Shadows

Jack the dog walking through the hedgerow

I was watching Jack’s shadow walking in a meadow when the rest of us were all over the pavement. It took a while to get some photos, passing traffic kept hiding the subject.

Walking on water?

Making test prints on the hottest day of the year isn’t a good idea. I wanted to know if the little dots looked like a road surface, so I began inking quite early. This hasn’t captured the idea I saw while walking, but it’s OK.

Nineteen Eighty Four

I’ve realised it’s now forty years since my art college graduation. There’s a certificate somewhere on the bookshelf that says I have a degree in Fine Art. The certificate doesn’t look like a genuine document so it fits well with my dissertation about art forgery.

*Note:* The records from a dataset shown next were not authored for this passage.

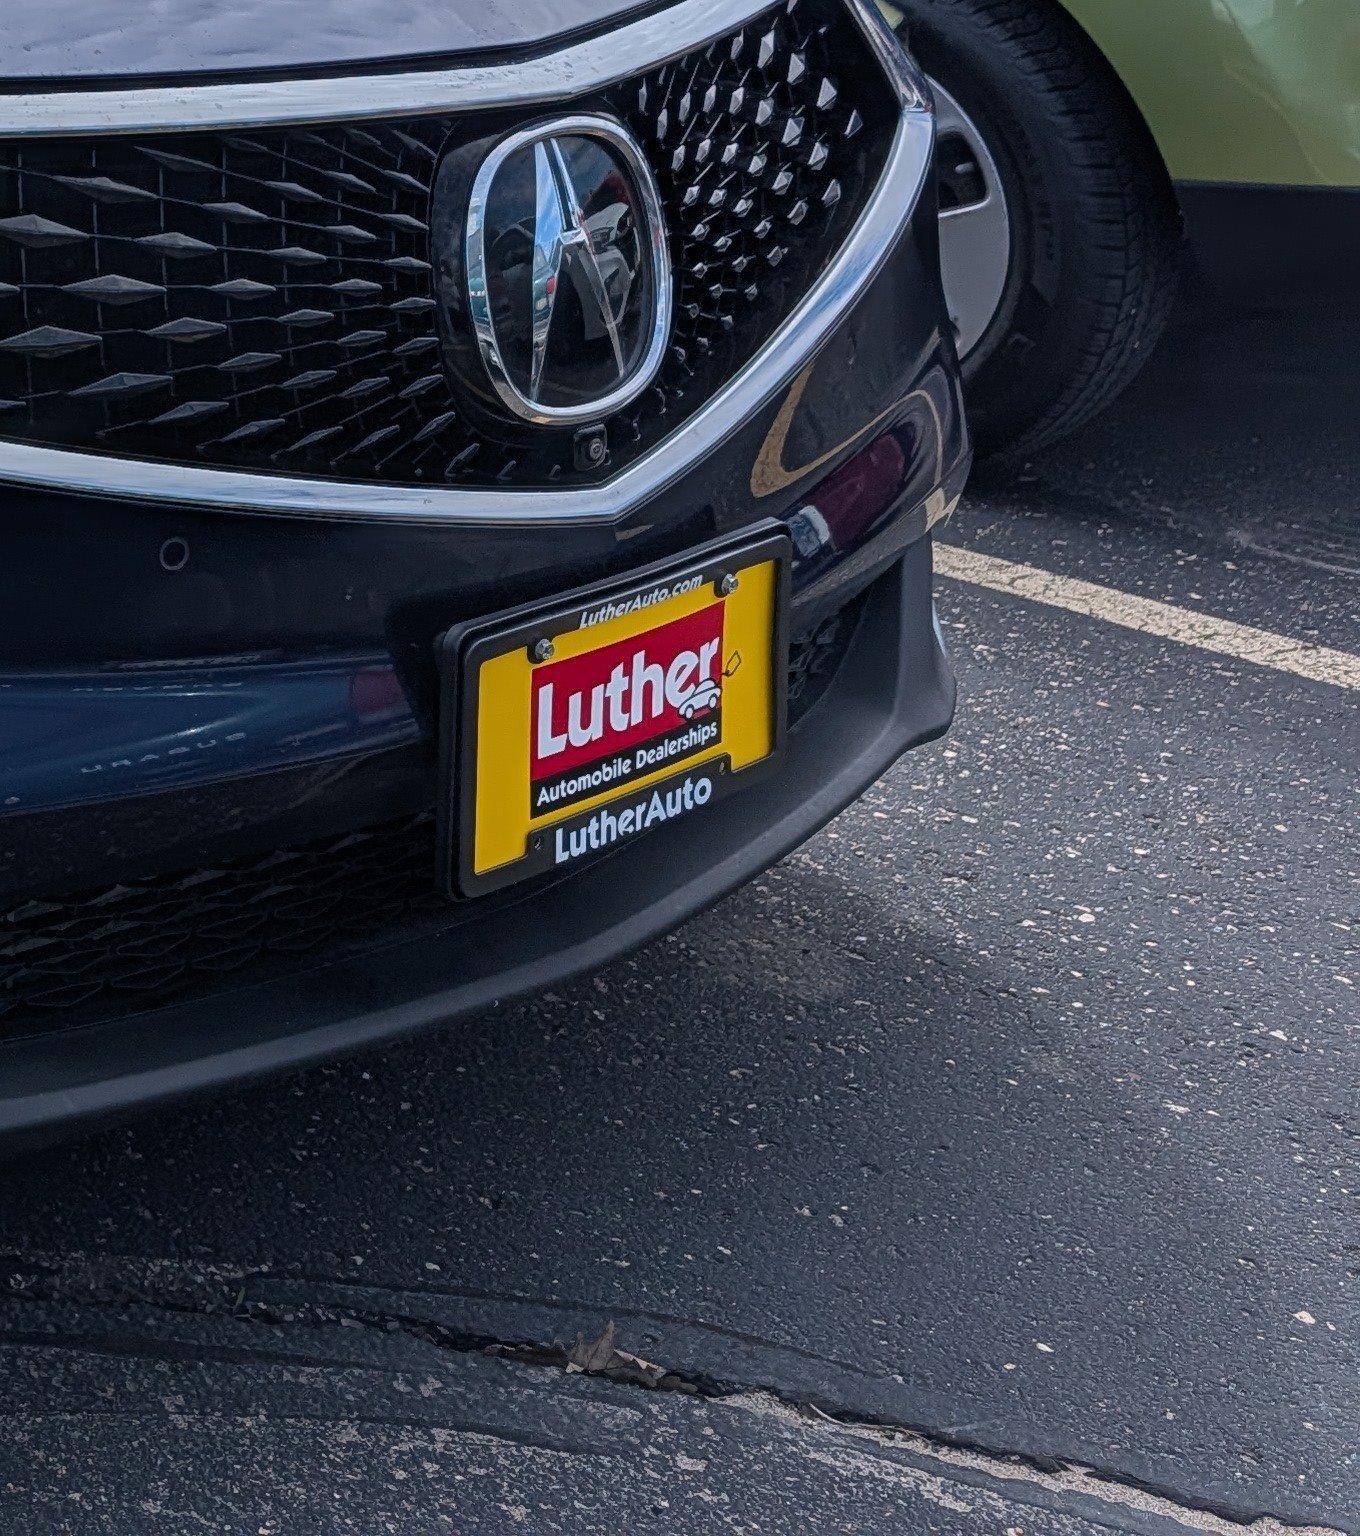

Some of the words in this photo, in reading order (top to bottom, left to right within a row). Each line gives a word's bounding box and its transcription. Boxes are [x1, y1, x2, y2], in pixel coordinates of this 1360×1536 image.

[580, 574, 703, 629] LutherAuto.com
[537, 636, 721, 760] Luther
[536, 757, 632, 807] Automobile
[635, 721, 718, 770] Dealerships
[555, 776, 712, 864] LutherAuto
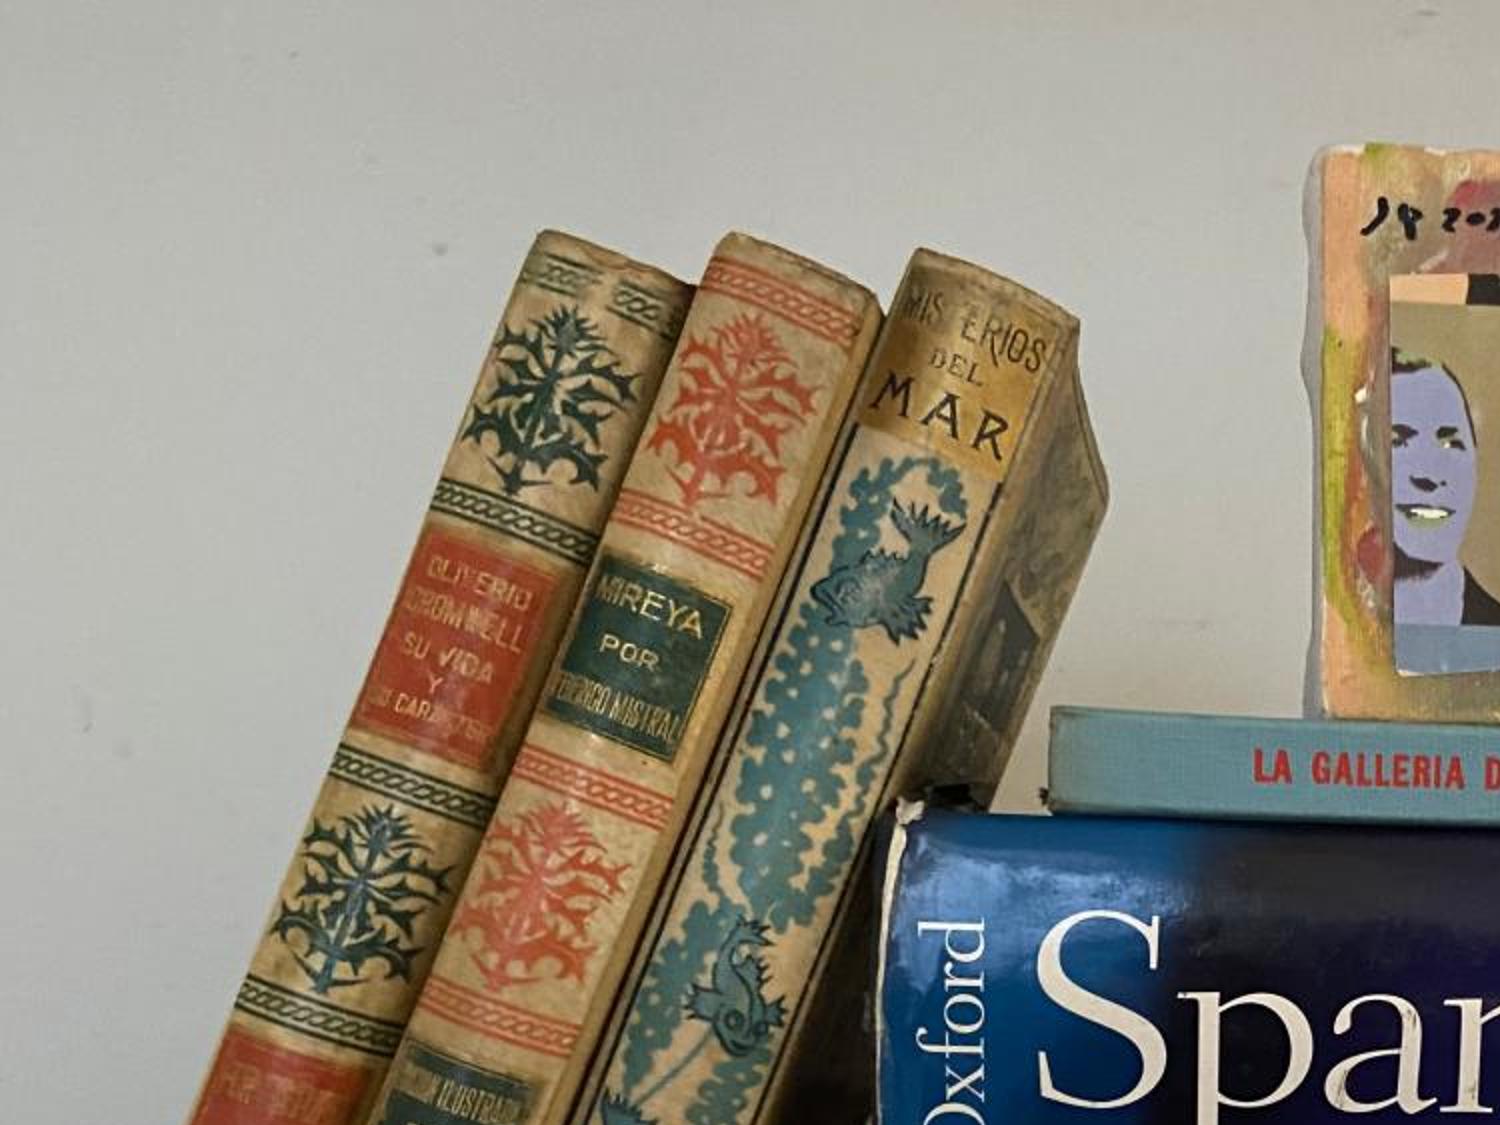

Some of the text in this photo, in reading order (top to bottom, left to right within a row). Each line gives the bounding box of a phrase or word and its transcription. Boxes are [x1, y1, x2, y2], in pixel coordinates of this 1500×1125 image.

[902, 290, 1047, 374] MISERIOS
[930, 348, 983, 386] DEL
[869, 369, 1009, 461] MAR
[597, 576, 703, 640] MIREYA
[403, 632, 496, 684] SU VIDA
[599, 633, 661, 672] POR
[428, 674, 443, 694] Y
[1253, 748, 1292, 784] LA
[1311, 750, 1465, 790] GALLERIA
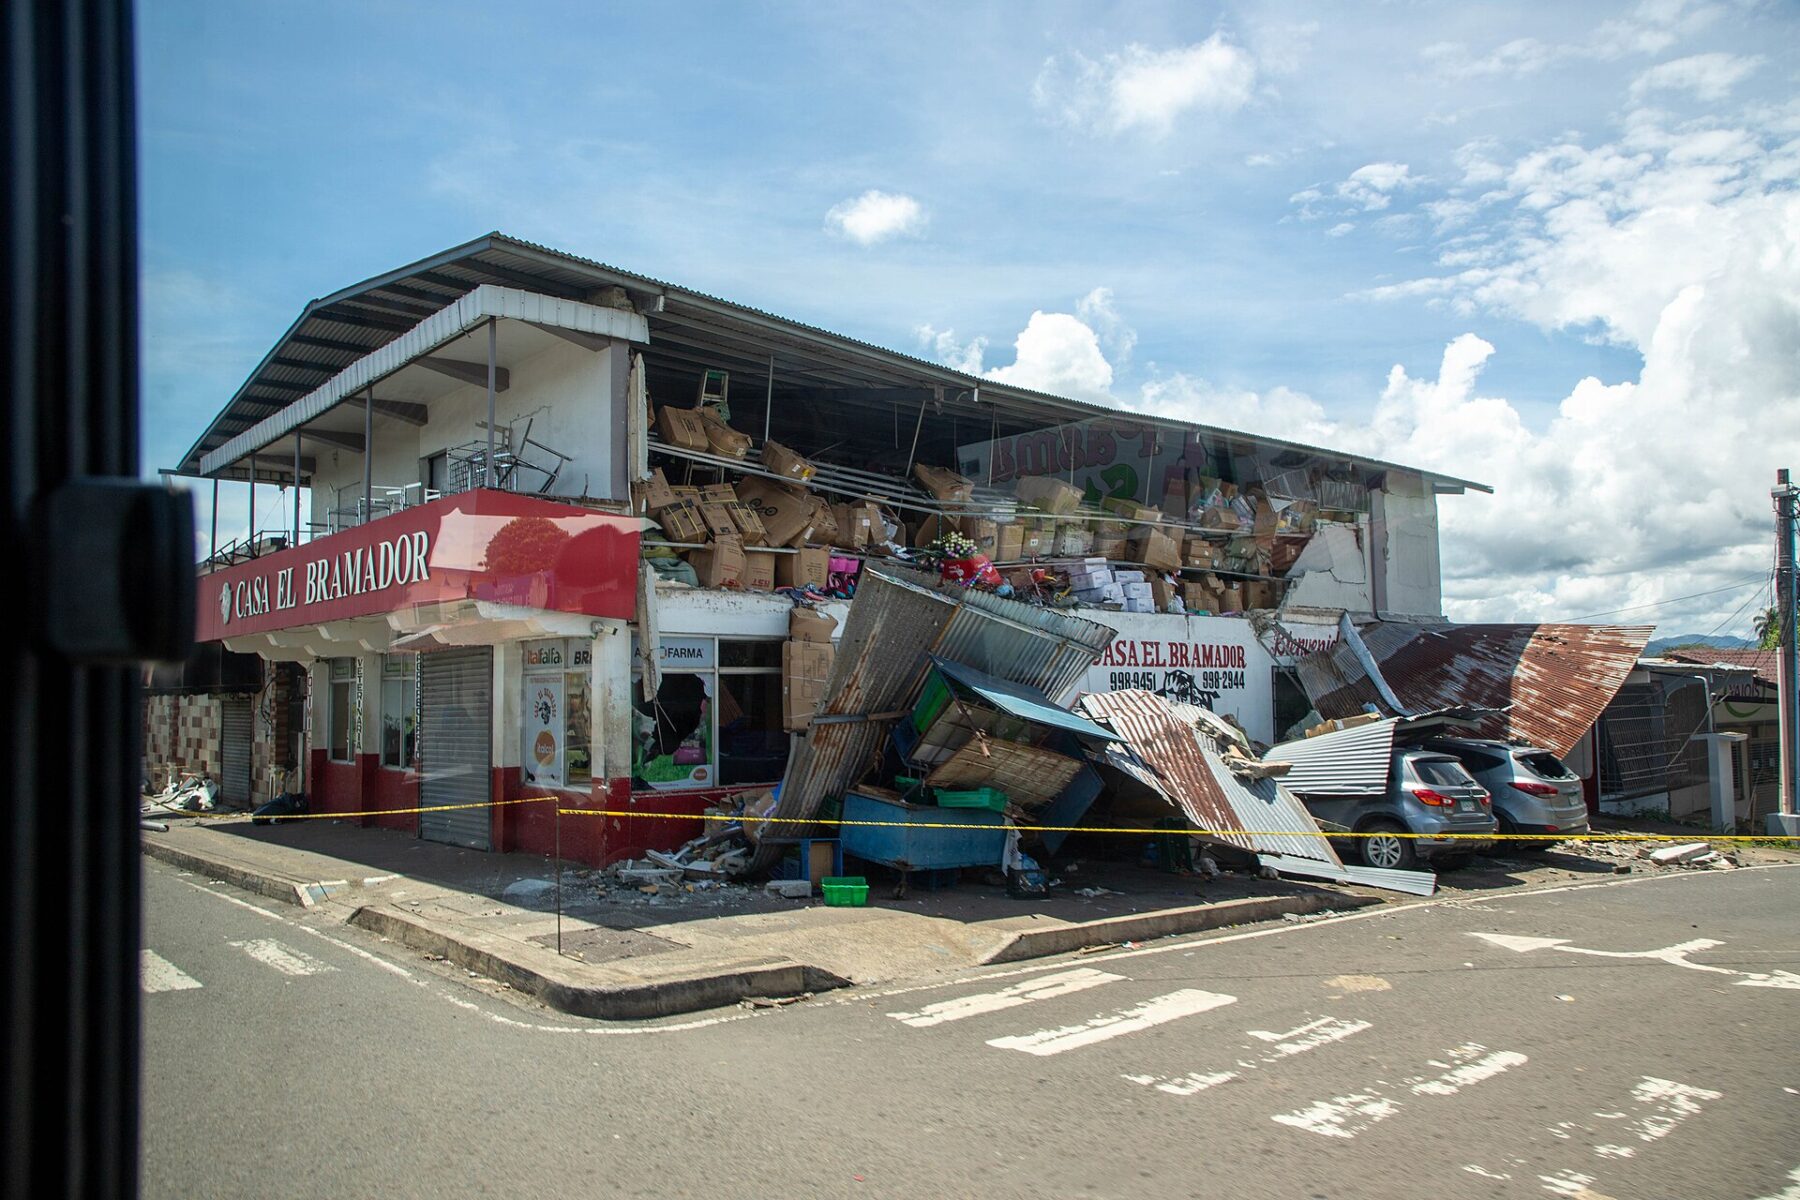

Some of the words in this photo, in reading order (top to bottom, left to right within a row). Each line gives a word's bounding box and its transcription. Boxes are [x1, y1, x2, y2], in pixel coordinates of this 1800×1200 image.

[235, 575, 270, 619] CASA
[276, 567, 297, 610] EL
[304, 530, 430, 605] BRAMADOR
[1092, 640, 1140, 668] ASA
[1141, 641, 1166, 667] EL
[1168, 642, 1247, 669] BRAMADOR
[1110, 671, 1156, 691] 998-9451
[1203, 670, 1245, 689] 998-2944
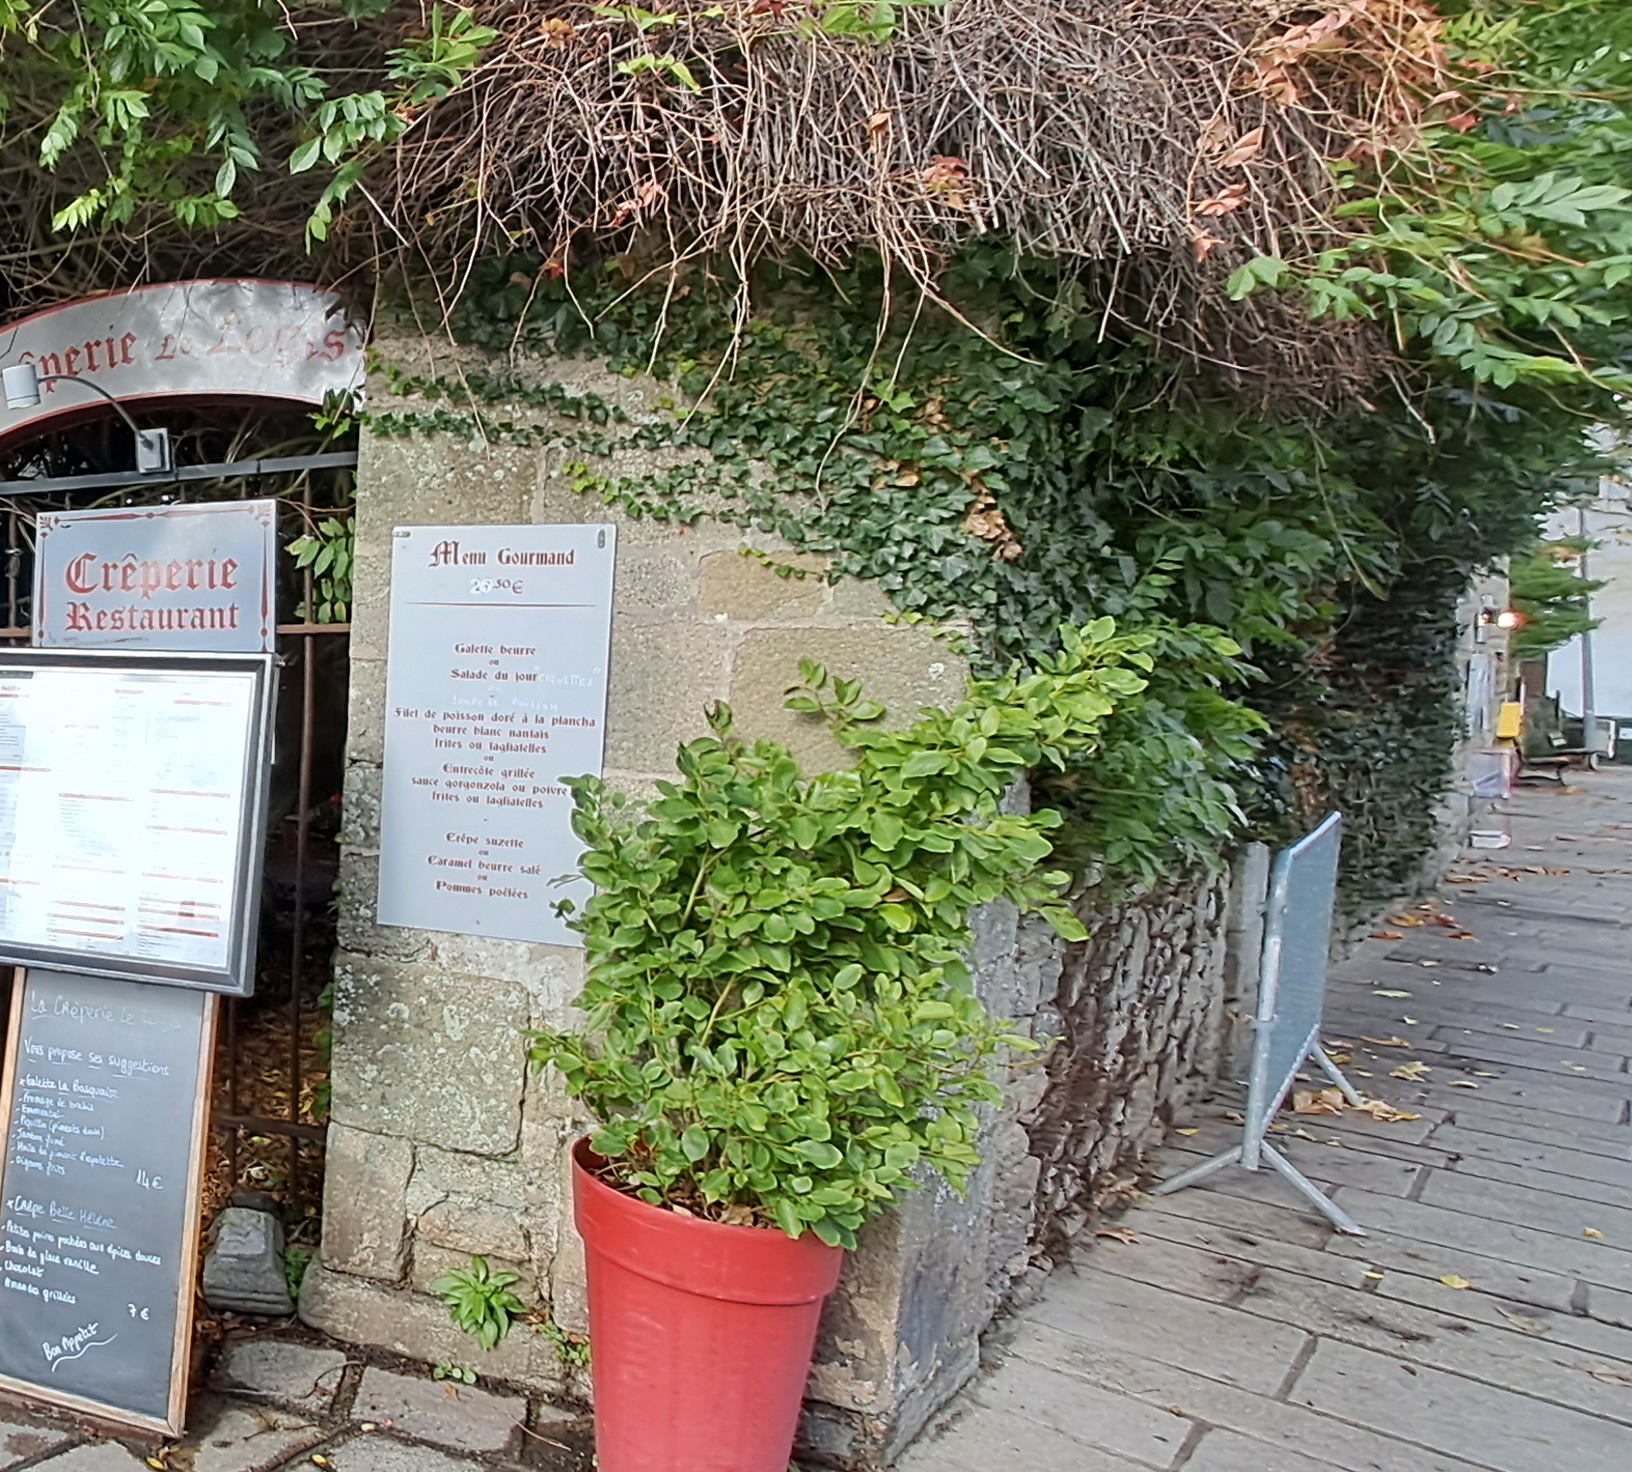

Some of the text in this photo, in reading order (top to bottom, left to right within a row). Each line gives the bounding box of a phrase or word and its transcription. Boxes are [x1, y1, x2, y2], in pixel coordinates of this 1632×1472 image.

“But what is Fine Art?” people ask. No idea, but it’s a term used in frilly lettering outside galleries showing the kind of art that would have been sneered at by any of our tutors. In 1984, anything looking like a craft was discouraged. Printmaking was a grey area, but it was tolerated.

Fine Art printed with linseed ink on paper

For the first few years after graduation I was a member of some printmaking studios. There were group exhibitions and teaching sessions. Then there were the ‘back to work’ schemes. These assumed that all work took place in an office, so there were basic maths and literacy classes. Meanwhile, I missed deadlines for creative opportunities which required proof of concept and skills. Helpful jobcentre ladies would ring prospective employers, saying “She’s got a degree in graphic design!”. When I pointed at my CV (again), they’d say “isn’t that the same thing?”.

During the last four decades I’ve collected a lot of rejection letters. Some of them were quite expensive.